Reduced levels of the blood coagulation factor XII improves brain inflammation and cognitive deficits in Alzheimer’s disease, new research shows.
The study, “Depletion of coagulation factor XII ameliorates brain pathology and cognitive impairment in Alzheimer’s disease mice,” appeared in the journal Blood.
Vascular (blood vessel) dysfunction and inflammation in the brain are early signs of disease in Alzheimer’s patients. Both these processes can trigger neuronal death, but it is unknown whether beta-amyloid, the protein that builds up into plaques in the brain of Alzheimer’s patients, plays a role in these processes.
The plasma protein factor XII is part of a cascade of enzymes that induce vascular pathology and inflammation. Beta-amyloid has been shown to activate this cascade, which in turn has been suggested to be overly active in Alzheimer’s disease. Therefore, the research team from Rockefeller University hypothesized that activation of factor XII by beta-amyloid could play a role in initiating Alzheimer’s disease.
The absence of cognitive impairment until later stages of Alzheimer’s makes it difficult to study earlier stages of the disease. But the recent finding of genes linked to an early-onset hereditary form of Alzheimer’s enabled researchers to analyze what happens in the brain before the onset of symptoms.

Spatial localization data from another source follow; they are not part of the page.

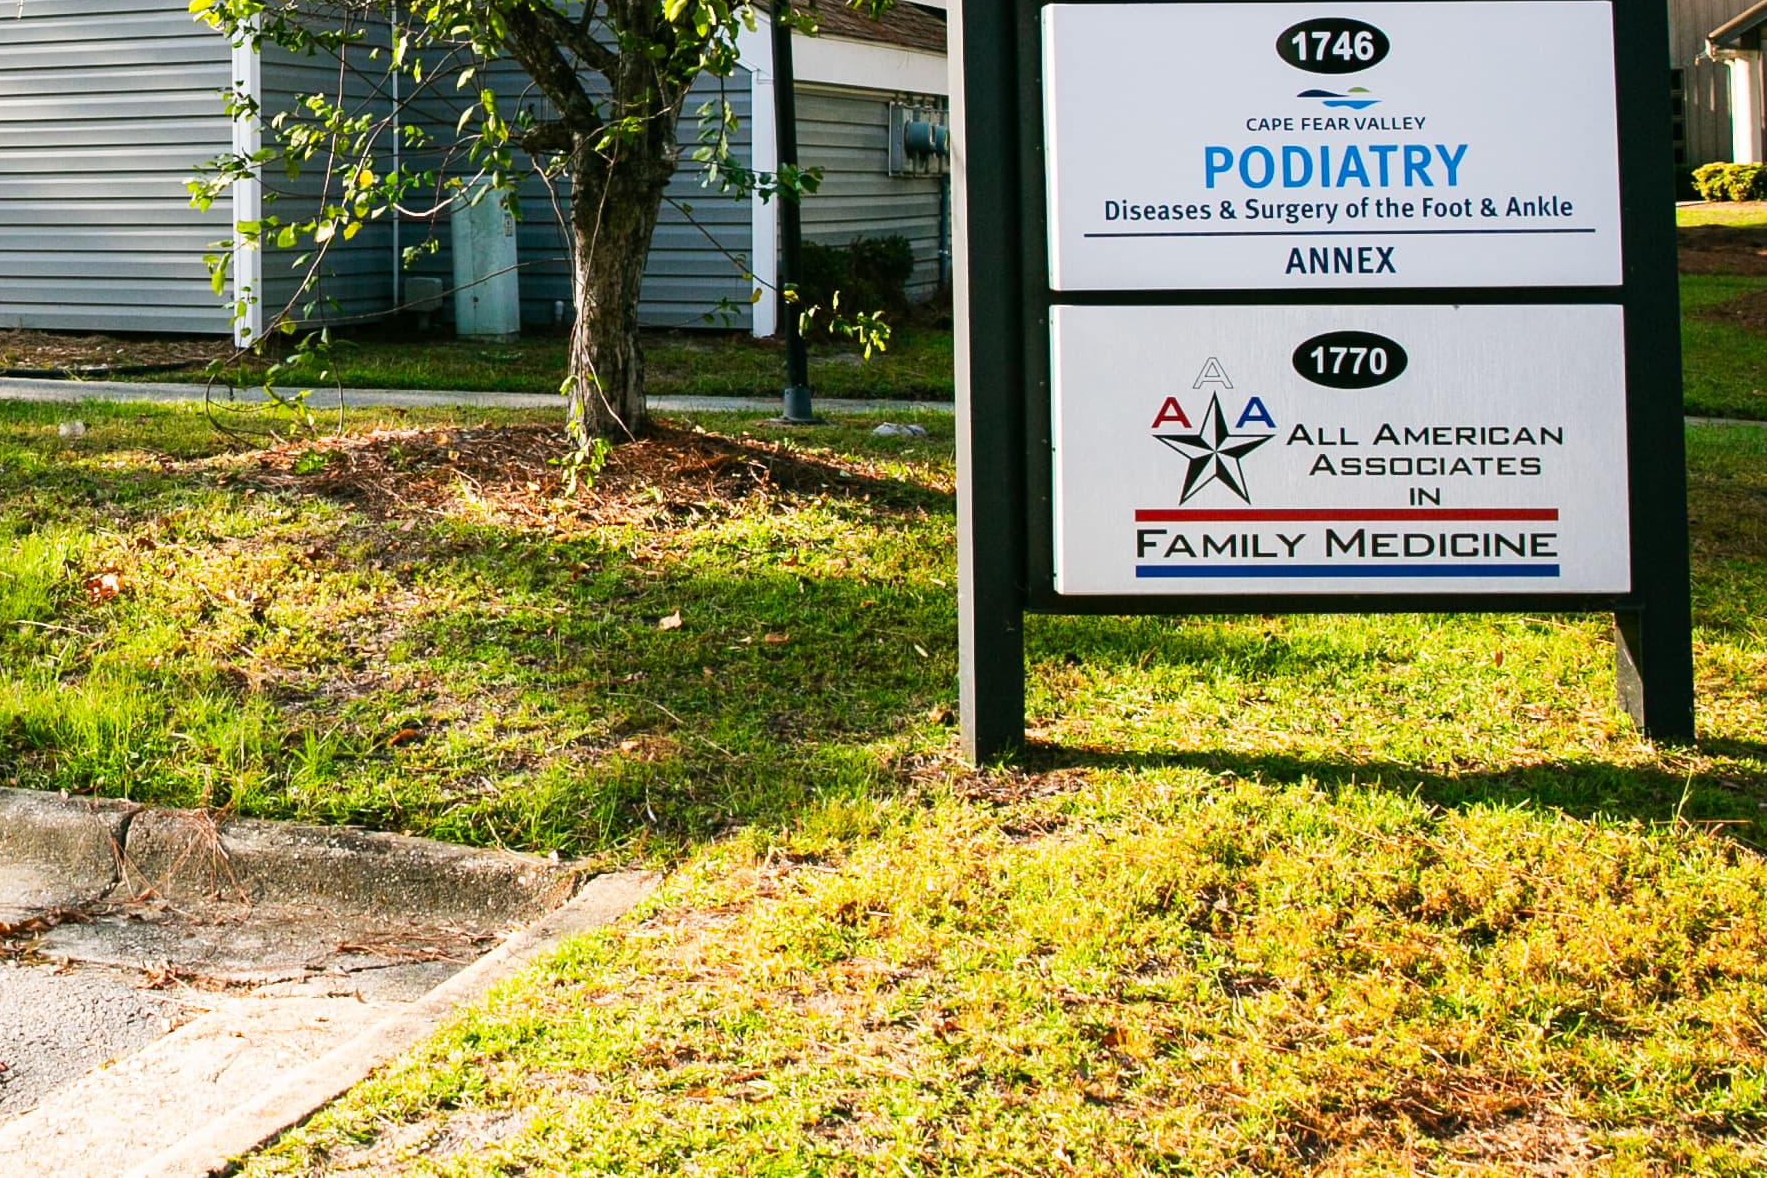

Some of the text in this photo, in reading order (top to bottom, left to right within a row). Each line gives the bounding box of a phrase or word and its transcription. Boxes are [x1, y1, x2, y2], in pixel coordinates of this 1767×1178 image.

[1292, 31, 1375, 61] 1746
[1247, 117, 1425, 131] CAPE FEAR VALLEY
[1205, 144, 1468, 189] PODIATRY
[1106, 196, 1572, 224] Diseases & Surgery of the Foot & Ankle
[1286, 247, 1396, 274] ANNEX
[1193, 357, 1233, 389] A
[1311, 346, 1387, 375] 1770
[1152, 397, 1276, 428] A A
[1286, 424, 1563, 445] ALL AMERICAN
[1309, 454, 1541, 475] ASSOCIATES
[1410, 487, 1441, 506] IN
[1137, 529, 1557, 558] FAMILY MEDICINE

“The first changes observed in these patients are in beta-amyloid levels. The second changes are brain abnormalities related to the vascular system, which can occur 20 years before overt cognitive symptoms appear,” Sidney Strickland, PhD, research professor and head of the Patricia and John Rosenwald Laboratory of Neurobiology and Genetics at The Rockefeller University, said in a press release.
The research team showed that activating the cascade of pro-inflammatory enzymes that involves factor XII is temporally correlated with the onset of brain inflammation in mice with Alzheimer’s.
And, to study factor XII, the team used a molecule that prevented the gene from making the protein. Alzheimer’s mice with reduced levels of factor XII showed significantly less inflammation and neuronal degeneration than untreated Alzheimer’s mice, or controls.
In addition, although they still performed worse than healthy controls, Alzheimer’s mice with reduced factor XII showed improved cognitive function in a memory test where the animals had to remember the location of an escape hole.
The study highlights the link between Alzheimer’s and the vascular system. “There’s a lot of evidence that exercise, which helps keep your blood vessels healthy and blood flow consistent, can be protective against [Alzheimer’s disease],” Strickland said. “In addition, we know that diseases that compromise the vascular system, like diabetes, put people at higher risk.”
Still, the researchers caution that more work is needed. “We need to further define what’s going on, so we can identify patients with vascular problems and develop a targeted therapy to help that aspect,” said Zu-Lin Chen, the study’s first author.
“Our work contributes to the increasing evidence that vascular abnormalities are playing an important role in cognitive decline and inflammation in some [Alzheimer’s] patients,” Strickland added. “The hope is that defining the vascular mechanisms involved will allow for better diagnosis and eventually new treatments. Each step forward is a step closer to understanding this terrible disease.”